In my domain, I noticed that some vertical markets are sticking to old technology. One of the examples is the public safety or mission critical communication market. It can be subdivided into several verticals: police & law enforcement, firefighting, emergency medical services, border security, and military & defence. In fact, the same old communication technology is also being used by other vertical markets such as public utilities, transportation, commercial & residential security, mining & oil, manufacturing plants, etc. The communication technology of these markets is dominated by the land mobile radio/trunk radio system for several decades. The system is voice based and narrowband. Cost is high but user experience is bad. There are many reasons for not moving to a broadband network, such as the lack of the regulations & standards, spectrum allocation, readiness of network, government policy, knowledge & expertise of users. However, I believe the key catalyst for change should be initiated by the government.

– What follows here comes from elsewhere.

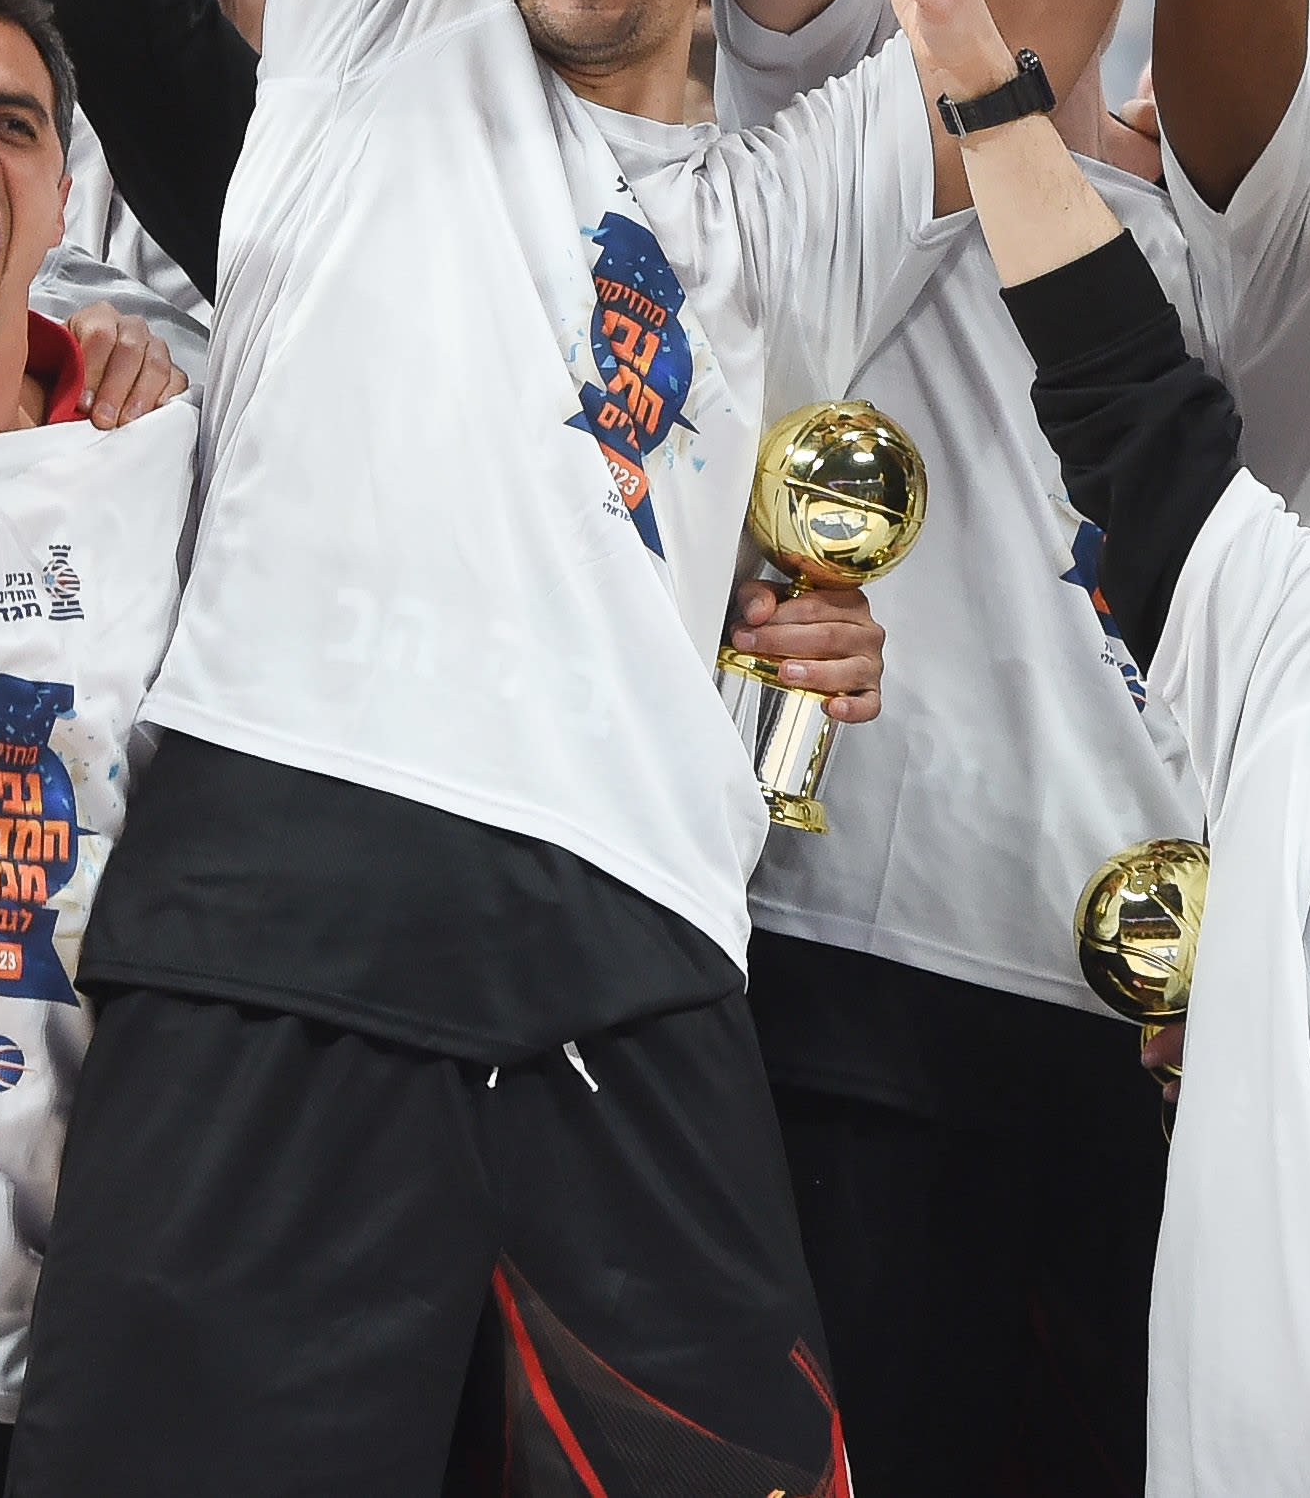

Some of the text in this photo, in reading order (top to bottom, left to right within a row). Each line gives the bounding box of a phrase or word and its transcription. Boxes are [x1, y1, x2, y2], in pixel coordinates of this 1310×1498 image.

[601, 309, 661, 378] גבי
[604, 455, 640, 496] 023
[5, 572, 34, 588] גביע

In some countries, they are very open and fast moving to adopt new technologies. A good example is South Korea. The government is encouraging and pushes enterprises to move to new technologies. For example, railway communication in South Korea is going to have a dramatic change. They are building their high-speed train and will use LTE-R as the communication technology. LTE-R was developed for next-generation mission-critical communication dedicated for railway operations and maintenance. What sets 4G or 5G based LTE-R apart from the analogue or 2G GSM based technologies is that they provide stable multimedia services. Compared to the one-to-one voice call service between the control centre, station employee and the train engineer that has been available so far, LTE-R technology enables multimedia-based group call services on top of the voice call service. This technology better equips rail operators in case of any accidents because it transmits real-time video of the station to the central control centre. Additionally, real-time group/individual communication is made possible between the train engineer and control centre.

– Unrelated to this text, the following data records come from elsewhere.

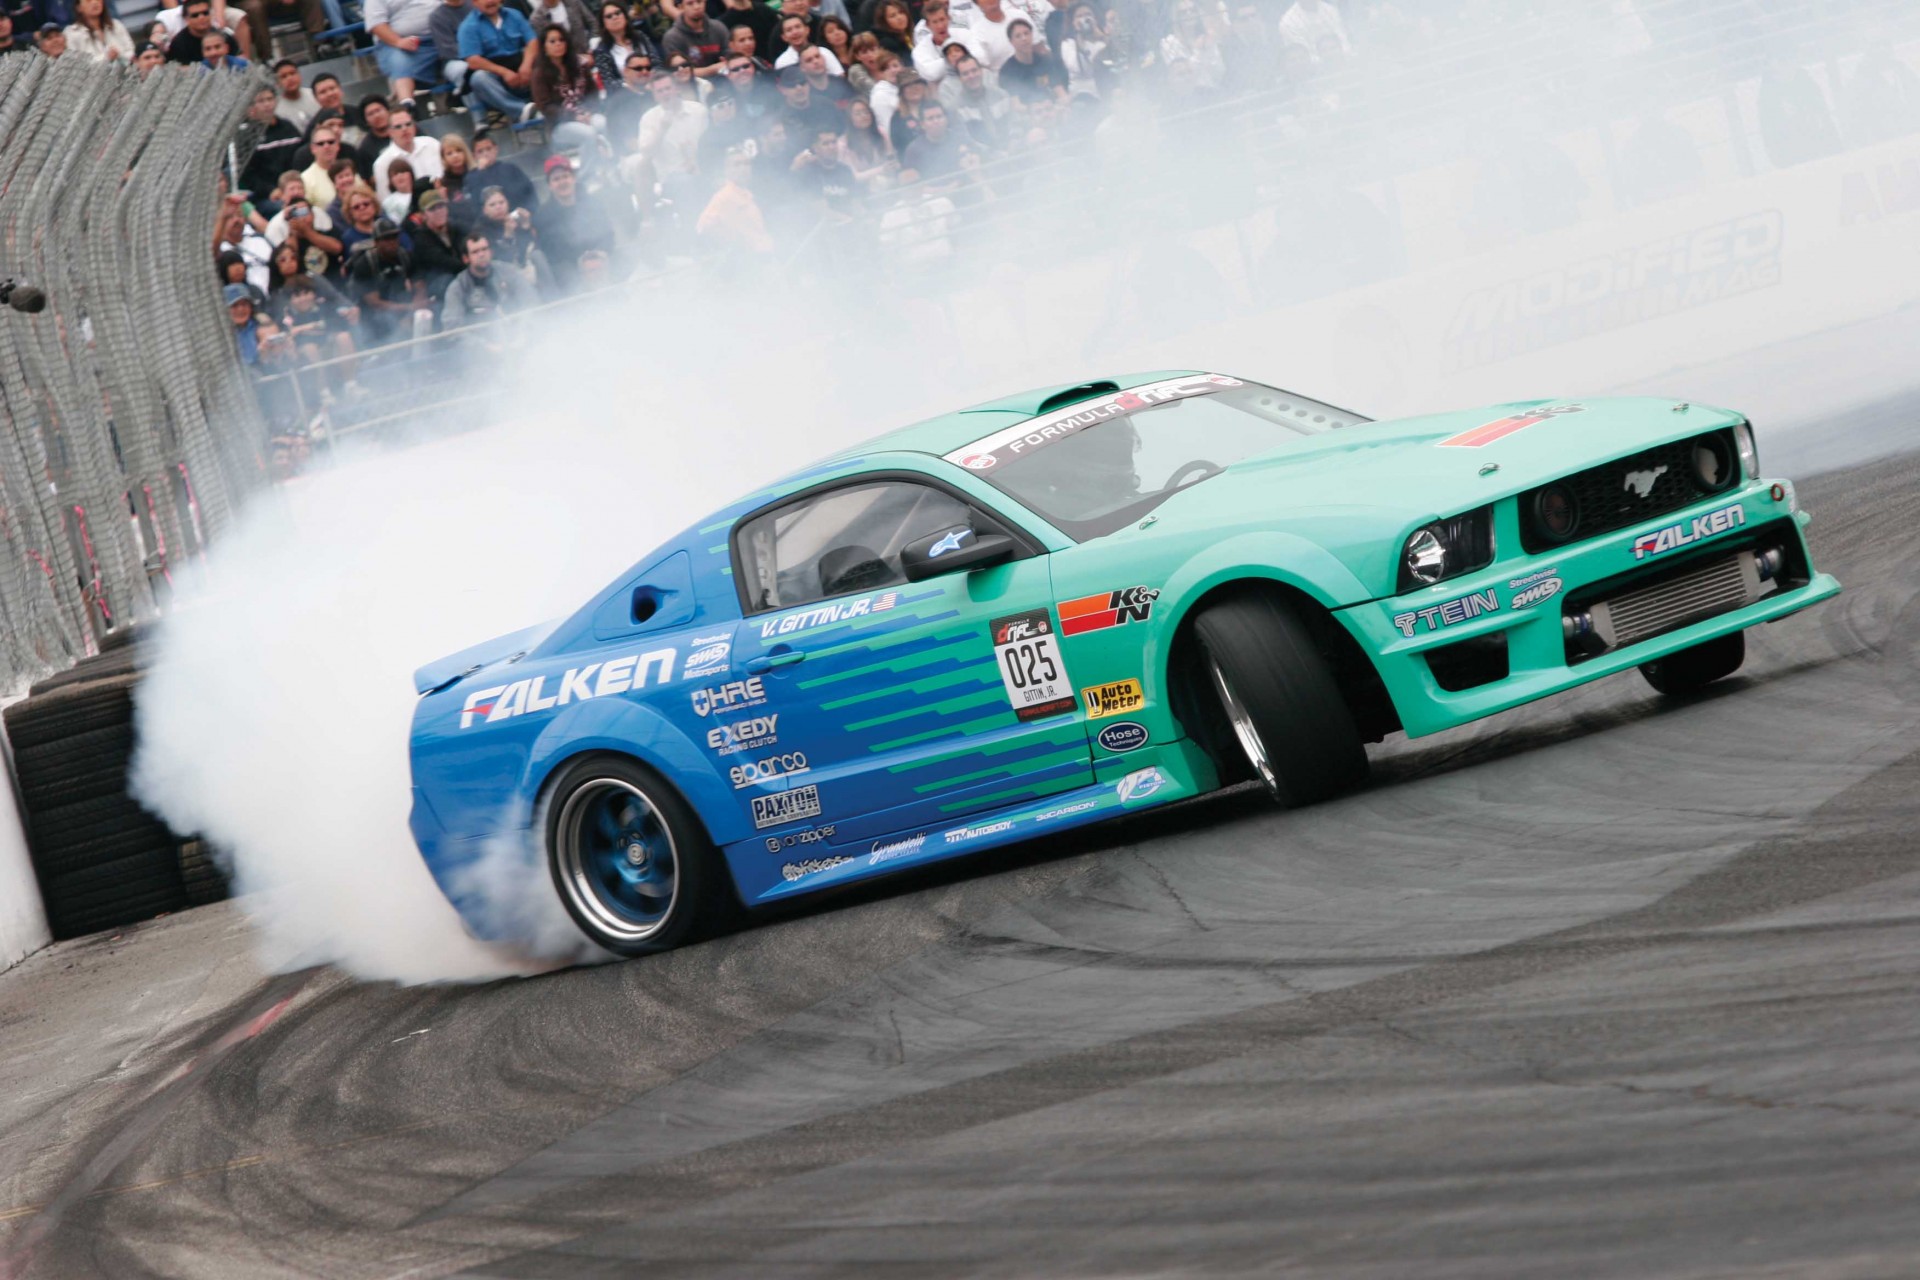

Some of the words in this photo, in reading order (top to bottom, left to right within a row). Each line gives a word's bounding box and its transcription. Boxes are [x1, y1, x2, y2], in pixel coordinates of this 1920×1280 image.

[1009, 403, 1126, 453] FORMULA
[1631, 502, 1746, 559] FALKEN
[1509, 568, 1557, 588] Streetwise
[761, 618, 776, 638] V.
[778, 604, 844, 634] GITTIN
[841, 598, 871, 619] JR.
[1417, 588, 1500, 630] TEIN
[1004, 639, 1058, 689] 025
[459, 647, 678, 730] FALKEN
[708, 676, 765, 708] HRE
[1023, 687, 1047, 703] GITTIN,
[1101, 683, 1132, 700] Auto
[1101, 694, 1141, 712] Meter
[707, 713, 778, 748] EXEDY
[719, 740, 749, 757] RACING
[749, 735, 778, 750] CLUTCH
[1104, 727, 1141, 742] Hose
[1109, 736, 1143, 748] Techniques
[729, 751, 807, 784] sparco
[753, 786, 819, 820] PAXTON

Another thing that I would like to highlight is that such vertical markets need a lot of local customization. Different countries have different call scenarios and topologies. Of course, the infrastructure is usually dominated by the key vendors, such as Nokia, Airbus, Ericsson or Huawei. But for the application level, it will be the place for local companies and usually they are small and mid-size companies. Take the same example of South Korea – there are several active players in LTE-R that are not big.

I strongly believe that mission critical communication is just one of the examples of moving from legacy technology to IP broadband communication technology. There should be similar situation for other verticals. When the communication is moved to IP broadband, it provides flexibility, scalability and extensibility. Innovation can be added and creativity is unlimited. It is also an opportunity for local companies and a stimulus for the local economy.